Publié le 23 janvier 2014

On ne meurt plus du VIH, on vit avec. Mais justement, qu’est ce qu’une vie sous traitement à vie ? Pour ce numéro spécial d’alter ego, lié à la journée mondiale de lutte contre le sida, nous avons pu recueillir le témoignage d’une patiente du CSAPA. N. 50 ans, a été contaminée dans les années 1990. Elle revient, dans cet entretien, sur l’histoire de sa maladie, elle nous raconte comment le VIH est intimement lié à son ordinaire et comment elle tient grâce aux médocs et au soutien du CSAPA.

(...)

Bonjour N., peux-tu nous raconter à quelle occasion tu as découvert ta séropositivité ?

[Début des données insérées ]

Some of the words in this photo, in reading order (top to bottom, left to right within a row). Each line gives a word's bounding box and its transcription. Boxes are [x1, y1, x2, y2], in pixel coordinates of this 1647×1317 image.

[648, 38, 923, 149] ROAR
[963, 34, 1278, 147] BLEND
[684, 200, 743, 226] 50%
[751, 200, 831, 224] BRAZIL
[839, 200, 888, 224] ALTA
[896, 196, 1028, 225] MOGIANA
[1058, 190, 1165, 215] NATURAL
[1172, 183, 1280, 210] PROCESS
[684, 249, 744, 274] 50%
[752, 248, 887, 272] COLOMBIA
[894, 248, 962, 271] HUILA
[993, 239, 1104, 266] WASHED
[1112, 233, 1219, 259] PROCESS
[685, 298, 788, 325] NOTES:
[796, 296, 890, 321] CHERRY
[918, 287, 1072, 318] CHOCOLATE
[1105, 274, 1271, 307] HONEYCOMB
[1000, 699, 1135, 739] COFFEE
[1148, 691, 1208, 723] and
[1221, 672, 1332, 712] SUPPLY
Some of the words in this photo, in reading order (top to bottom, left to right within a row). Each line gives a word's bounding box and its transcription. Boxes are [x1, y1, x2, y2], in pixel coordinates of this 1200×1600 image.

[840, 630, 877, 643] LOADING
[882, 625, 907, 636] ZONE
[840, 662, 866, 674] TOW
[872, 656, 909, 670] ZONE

J’étais en couple avec mon mari, lui avait appris qu’il était séropositif donc je me doutais que je l’avais aussi mais j’étais incapable d’aller me faire dépister, j’étais dans le déni,je m’occupais de lui. Je travaillais, tout cela était déjà très lourd. Petit à petit j’ai eu des maladies de peau, je perdais mes cheveux.J’ai fait un test en laboratoire mais ne suis pas allée chercher les résultats.Je pense que je savais très bien que j’étais contaminée mais j’étais incapable de l’assumer.

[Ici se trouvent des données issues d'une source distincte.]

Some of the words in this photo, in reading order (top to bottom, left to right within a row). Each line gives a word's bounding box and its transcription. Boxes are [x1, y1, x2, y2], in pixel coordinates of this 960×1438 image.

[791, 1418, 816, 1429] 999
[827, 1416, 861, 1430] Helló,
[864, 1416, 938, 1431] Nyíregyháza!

Qu’est-ce qui a déclenché alors le début de la prise en charge ?

Je suis tombée gravement malade, direct une pneumocystose, et me suis retrouvée hospitalisée en réanimation. C’était la seule façon d’être confrontée à ça, de l’assumer et ça a aussi permis de le dire à mes proches.

Est-ce qu’il y avait beaucoup de cas alors dans ton entourage ?

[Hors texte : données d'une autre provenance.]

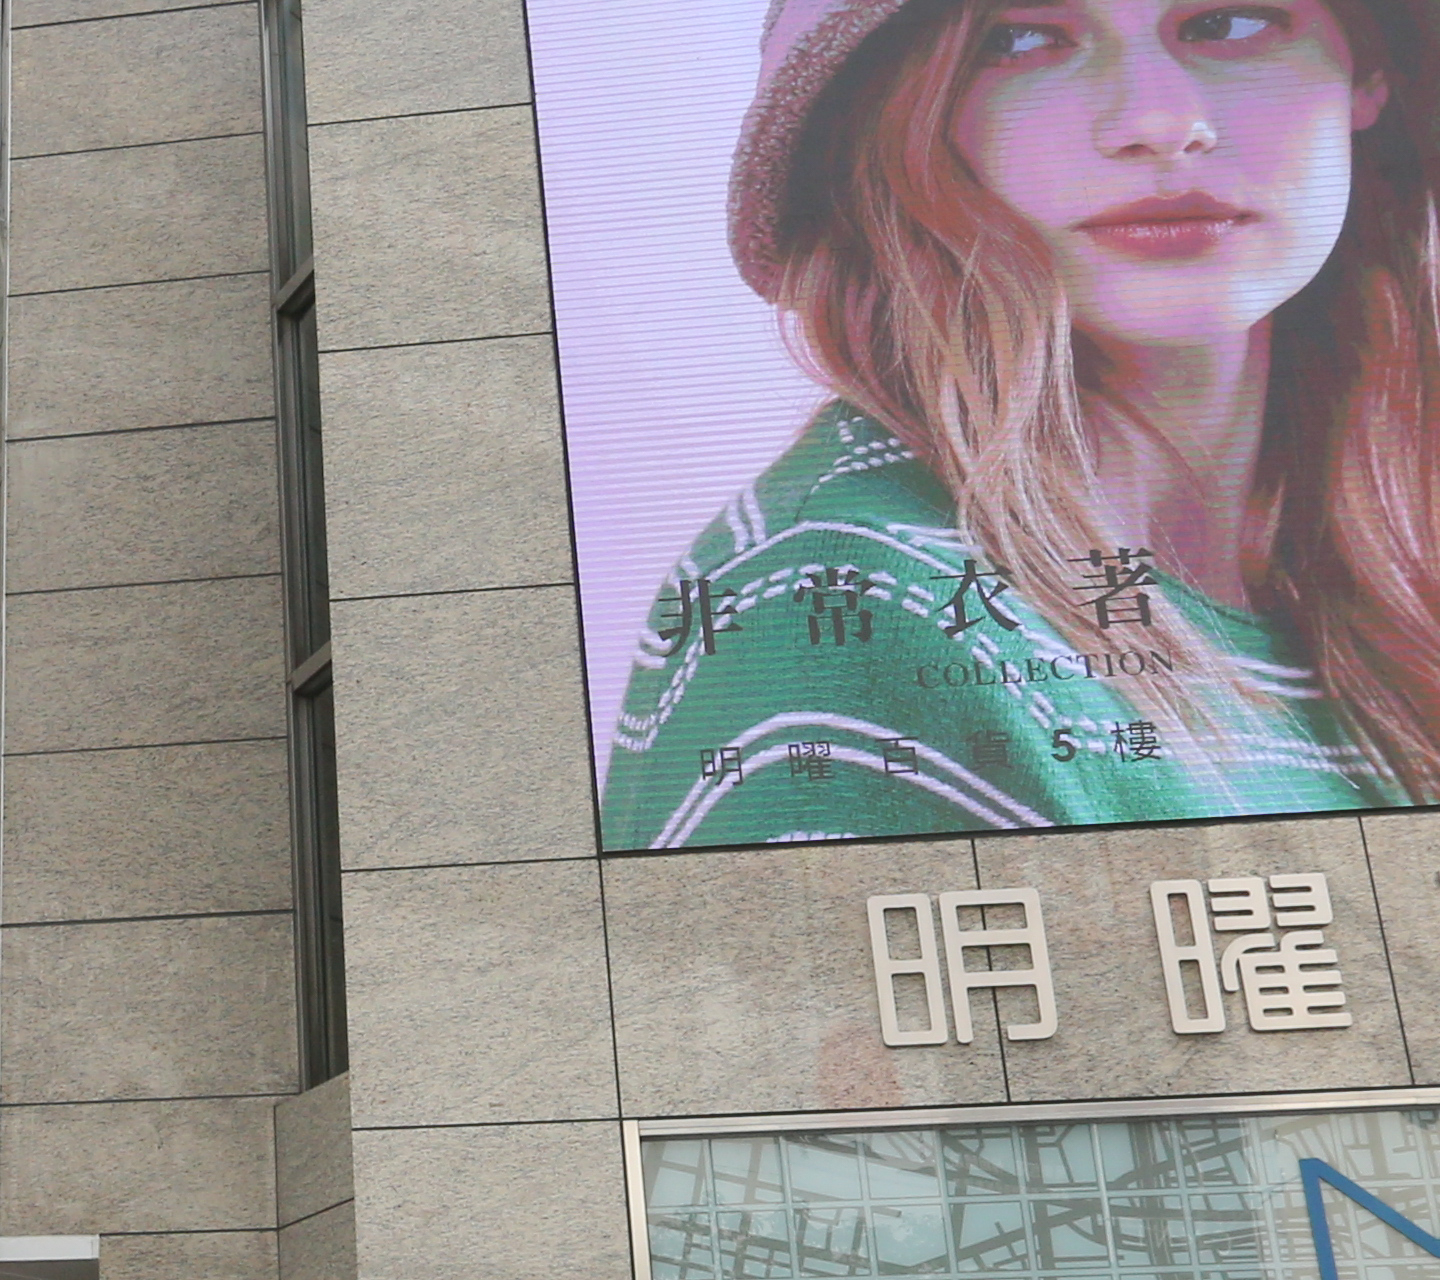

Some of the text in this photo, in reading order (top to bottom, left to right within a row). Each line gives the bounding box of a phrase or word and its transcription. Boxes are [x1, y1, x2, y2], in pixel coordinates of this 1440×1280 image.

[657, 546, 1160, 658] 非常衣著
[917, 648, 1175, 690] COLLECTION

Non je n’étais pas dans le milieu des injecteurs de drogue. J’en prenais mais je n’injectais pas. J’ai été contaminée lors de rapports sexuels, c’est sûr, on a pris des risques.J’étais suivie dans un centre pour toxicomanes où par contre je voyais des gens visiblement très malades. C’était très violent. A l’époque,on ne savait pas encore grand-chose, et tout ça faisait très peur, le SIDA c’était la mort.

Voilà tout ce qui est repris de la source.